A prompt is a brief

The quality of generated creative is downstream of the clarity of your intent. "Make an ad for my product" produces generic output because it contains no strategy. A great prompt carries the same information a great brief would: who it is for, the one message, the desired feeling, and the proof.

The anatomy of a strong prompt

  • Audience: who specifically, and what they care about.
  • Angle: the single argument this ad makes.
  • Hook: the attention-grabbing first idea.
  • Proof: the one hard fact that earns belief.
  • Tone & brand: the voice and visual world it should live in.

You do not need florid language — you need decisions. Each of those fields is a decision that narrows the output toward something testable.

Specific beats clever

Vague prompts produce vague ads. "Bold, energetic" is weaker than "gym-bro energy, high-contrast, one big claim, product front and center." Concrete references and constraints give the engine something to push against, and constraints are what make creative sharp.

Prompt for variety, then curate

Do not try to write the one perfect prompt.

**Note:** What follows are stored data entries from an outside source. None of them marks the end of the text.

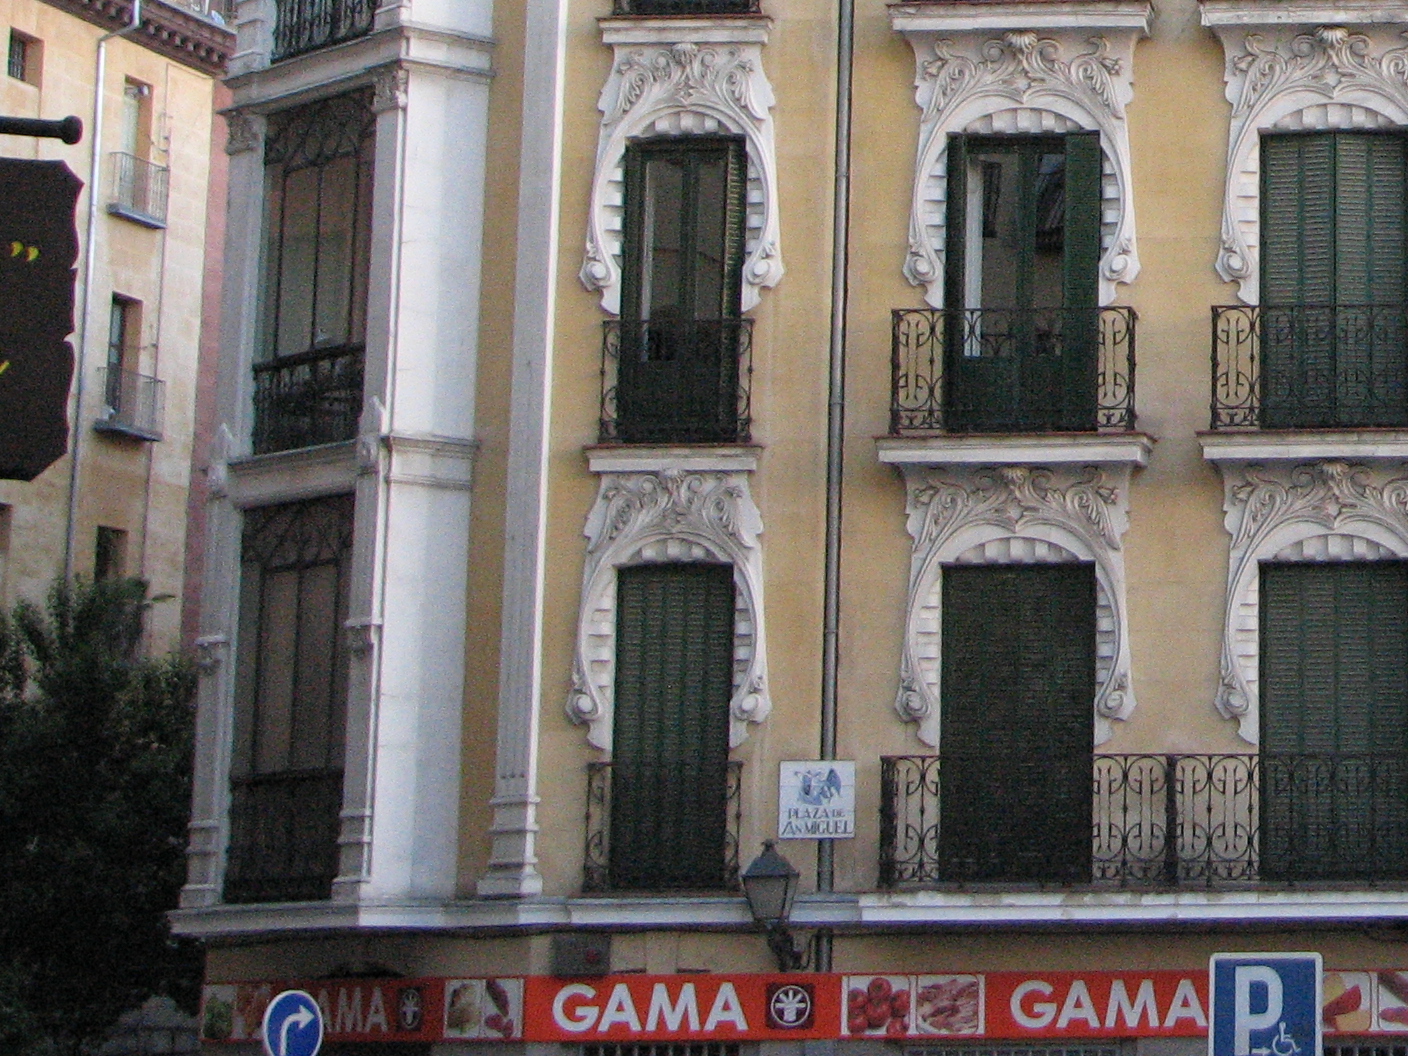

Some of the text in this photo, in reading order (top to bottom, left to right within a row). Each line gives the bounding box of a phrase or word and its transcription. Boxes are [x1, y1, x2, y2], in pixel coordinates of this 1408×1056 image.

[789, 807, 829, 819] PLAZA
[804, 820, 853, 834] MIGUEL
[317, 986, 388, 1033] AMA
[552, 982, 749, 1032] GAMA
[1010, 979, 1208, 1029] GAMA
[1234, 965, 1284, 1056] P

Write a spread of prompts across different angles and let volume do its job — then curate ruthlessly. The winning prompt is discovered the same way the winning ad is: by testing several and reading the results.

Key takeaways

  • Treat the prompt as a brief: audience, angle, hook, proof, tone.
  • Decisions, not adjectives, drive quality.
  • Be specific — constraints sharpen output.
  • Generate across many angles, then curate to the strongest.